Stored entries
BEGIN

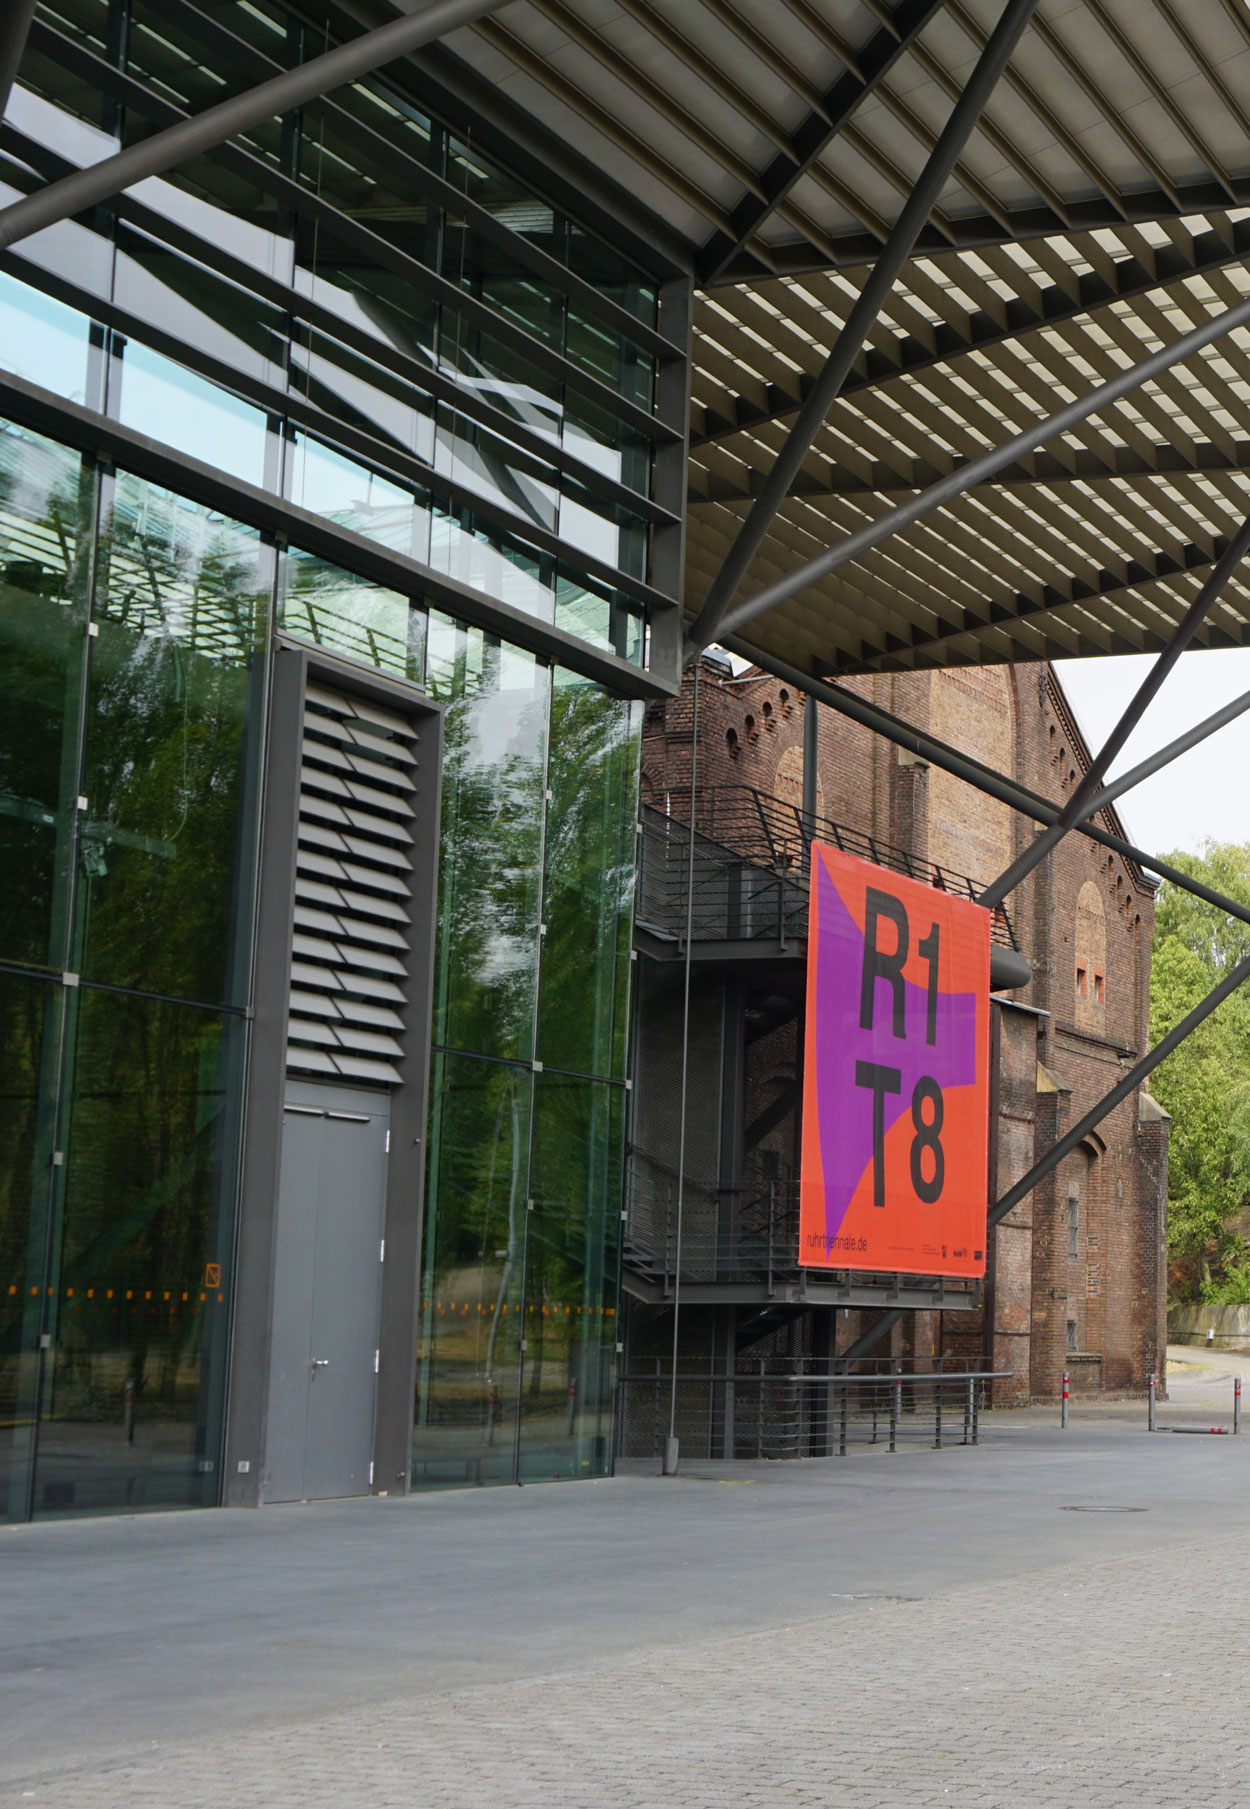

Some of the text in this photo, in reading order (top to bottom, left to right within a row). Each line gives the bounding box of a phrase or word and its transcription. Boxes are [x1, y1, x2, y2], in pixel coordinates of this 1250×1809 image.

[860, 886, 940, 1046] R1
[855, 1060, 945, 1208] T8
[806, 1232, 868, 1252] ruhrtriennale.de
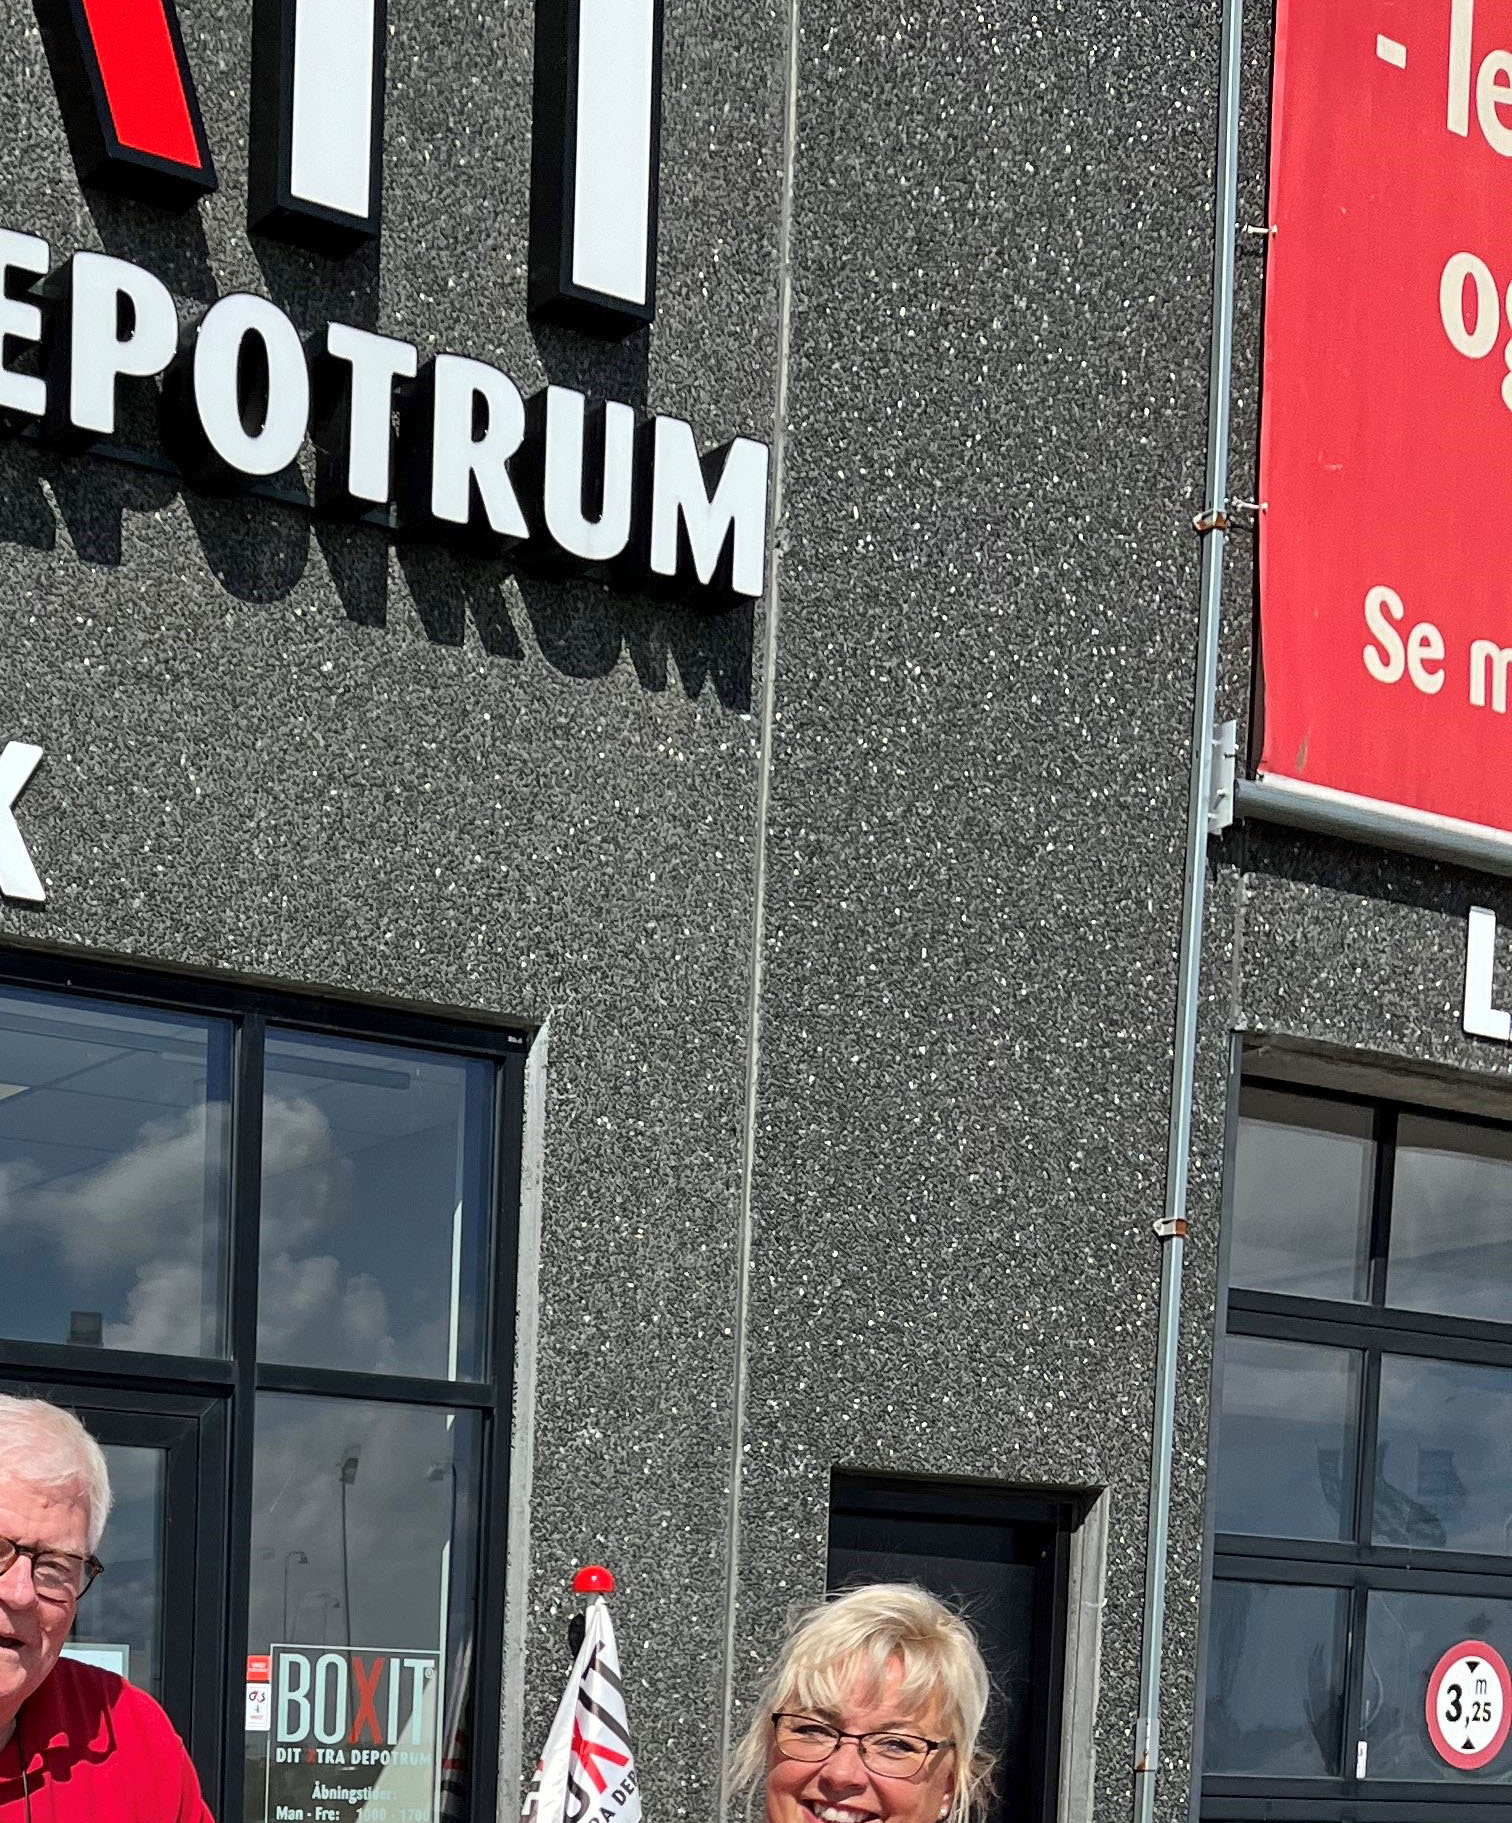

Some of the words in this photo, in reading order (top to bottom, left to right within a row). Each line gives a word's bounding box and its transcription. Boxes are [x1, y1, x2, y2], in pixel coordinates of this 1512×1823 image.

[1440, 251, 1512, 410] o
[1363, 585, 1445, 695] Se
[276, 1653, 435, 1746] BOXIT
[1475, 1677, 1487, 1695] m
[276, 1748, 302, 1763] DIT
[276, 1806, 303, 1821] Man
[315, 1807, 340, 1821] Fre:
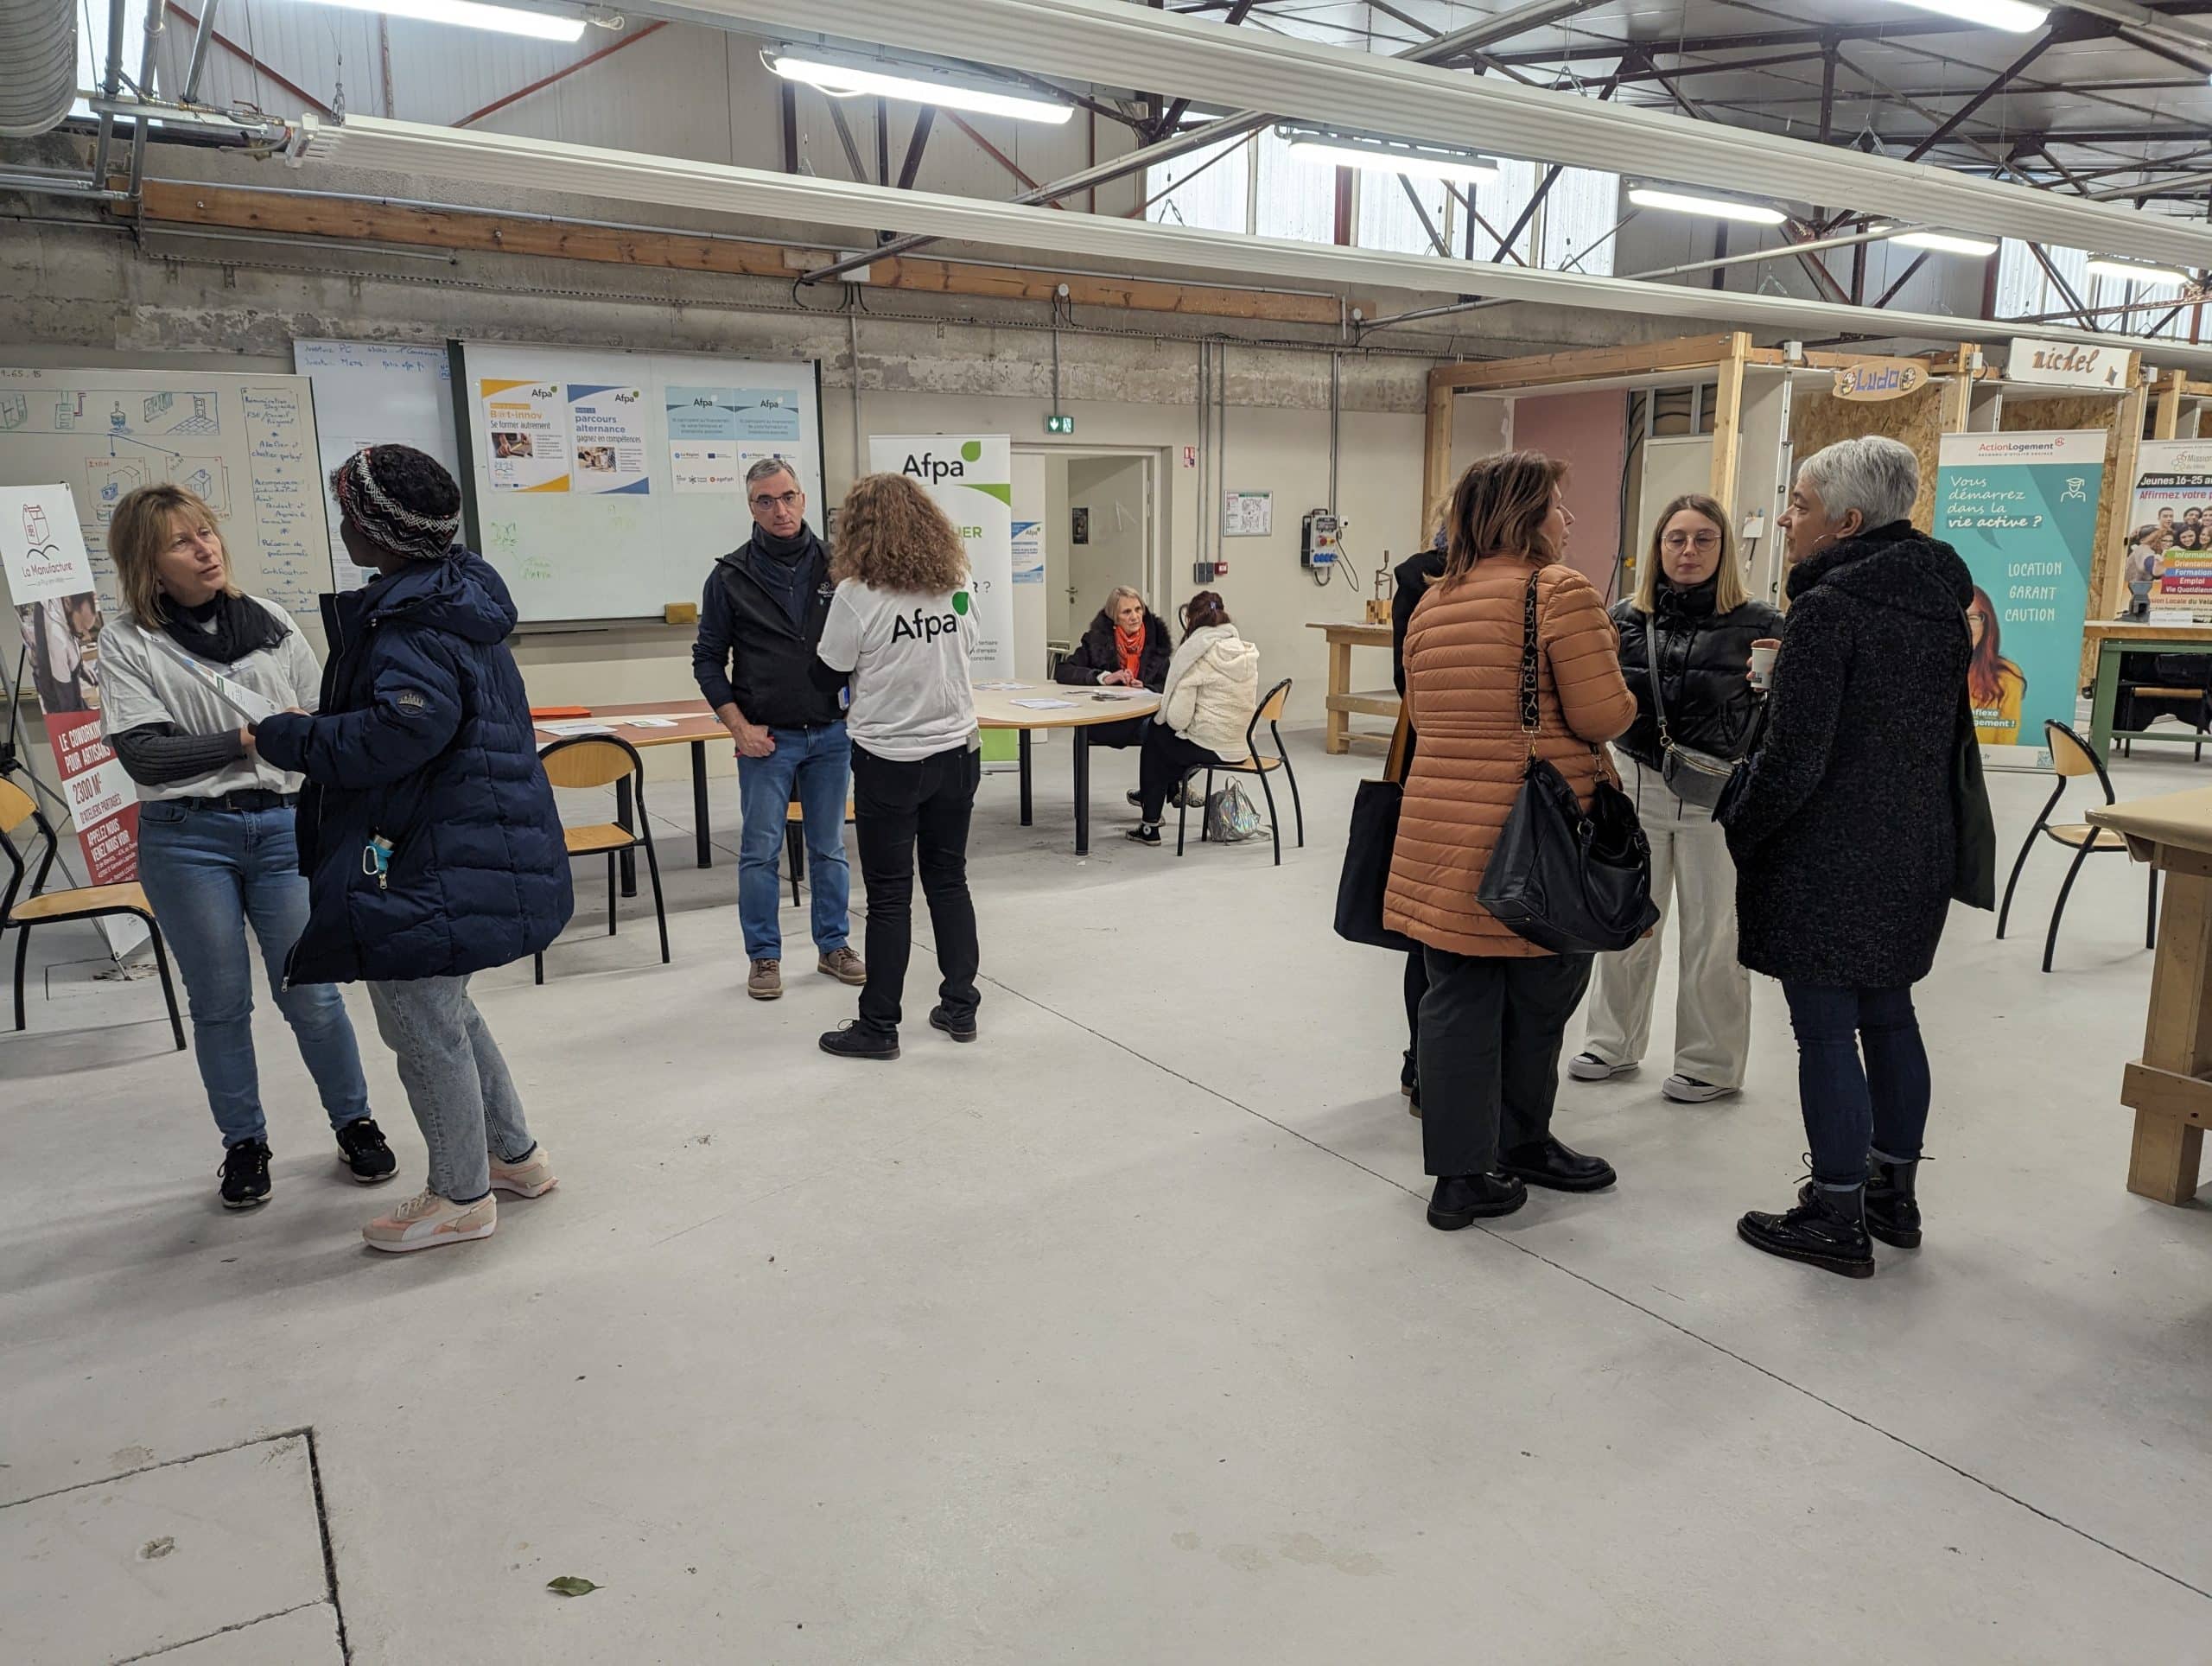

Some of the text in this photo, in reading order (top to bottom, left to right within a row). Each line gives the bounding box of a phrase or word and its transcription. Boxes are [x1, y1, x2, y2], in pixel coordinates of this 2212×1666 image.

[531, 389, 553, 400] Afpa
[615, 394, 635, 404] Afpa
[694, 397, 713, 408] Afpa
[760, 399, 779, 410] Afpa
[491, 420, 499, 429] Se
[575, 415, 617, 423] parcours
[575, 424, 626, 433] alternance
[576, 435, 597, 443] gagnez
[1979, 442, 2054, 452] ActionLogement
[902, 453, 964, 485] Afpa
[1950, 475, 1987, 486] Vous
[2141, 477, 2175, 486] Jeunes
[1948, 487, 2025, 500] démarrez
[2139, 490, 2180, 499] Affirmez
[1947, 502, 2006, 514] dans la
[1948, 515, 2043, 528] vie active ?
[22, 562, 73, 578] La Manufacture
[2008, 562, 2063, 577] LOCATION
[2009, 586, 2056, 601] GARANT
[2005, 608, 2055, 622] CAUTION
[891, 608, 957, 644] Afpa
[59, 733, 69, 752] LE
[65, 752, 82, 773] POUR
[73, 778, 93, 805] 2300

END

> _TASK STATEMENT_
Give every line above again exactly, with no pictures.

> _TASK RESULT_
Some of the text in this photo, in reading order (top to bottom, left to right within a row). Each line gives the bounding box of a phrase or word and its transcription. Boxes are [x1, y1, x2, y2], in pixel coordinates of this 1250×1809 image.

[860, 886, 940, 1046] R1
[855, 1060, 945, 1208] T8
[806, 1232, 868, 1252] ruhrtriennale.de

Some of the words in this photo, in reading order (top to bottom, left to right within a row). Each line gives a word's bounding box and its transcription. Boxes are [x1, y1, x2, y2], in pixel coordinates of this 1512×1823 image.

[1440, 251, 1512, 410] o
[1363, 585, 1445, 695] Se
[276, 1653, 435, 1746] BOXIT
[1475, 1677, 1487, 1695] m
[276, 1748, 302, 1763] DIT
[276, 1806, 303, 1821] Man
[315, 1807, 340, 1821] Fre:

Some of the text in this photo, in reading order (top to bottom, left to right within a row). Each line gives the bounding box of a phrase or word and its transcription. Boxes are [x1, y1, x2, y2], in pixel coordinates of this 2212×1666 image.

[531, 389, 553, 400] Afpa
[615, 394, 635, 404] Afpa
[694, 397, 713, 408] Afpa
[760, 399, 779, 410] Afpa
[491, 420, 499, 429] Se
[575, 415, 617, 423] parcours
[575, 424, 626, 433] alternance
[576, 435, 597, 443] gagnez
[1979, 442, 2054, 452] ActionLogement
[902, 453, 964, 485] Afpa
[1950, 475, 1987, 486] Vous
[2141, 477, 2175, 486] Jeunes
[1948, 487, 2025, 500] démarrez
[2139, 490, 2180, 499] Affirmez
[1947, 502, 2006, 514] dans la
[1948, 515, 2043, 528] vie active ?
[22, 562, 73, 578] La Manufacture
[2008, 562, 2063, 577] LOCATION
[2009, 586, 2056, 601] GARANT
[2005, 608, 2055, 622] CAUTION
[891, 608, 957, 644] Afpa
[59, 733, 69, 752] LE
[65, 752, 82, 773] POUR
[73, 778, 93, 805] 2300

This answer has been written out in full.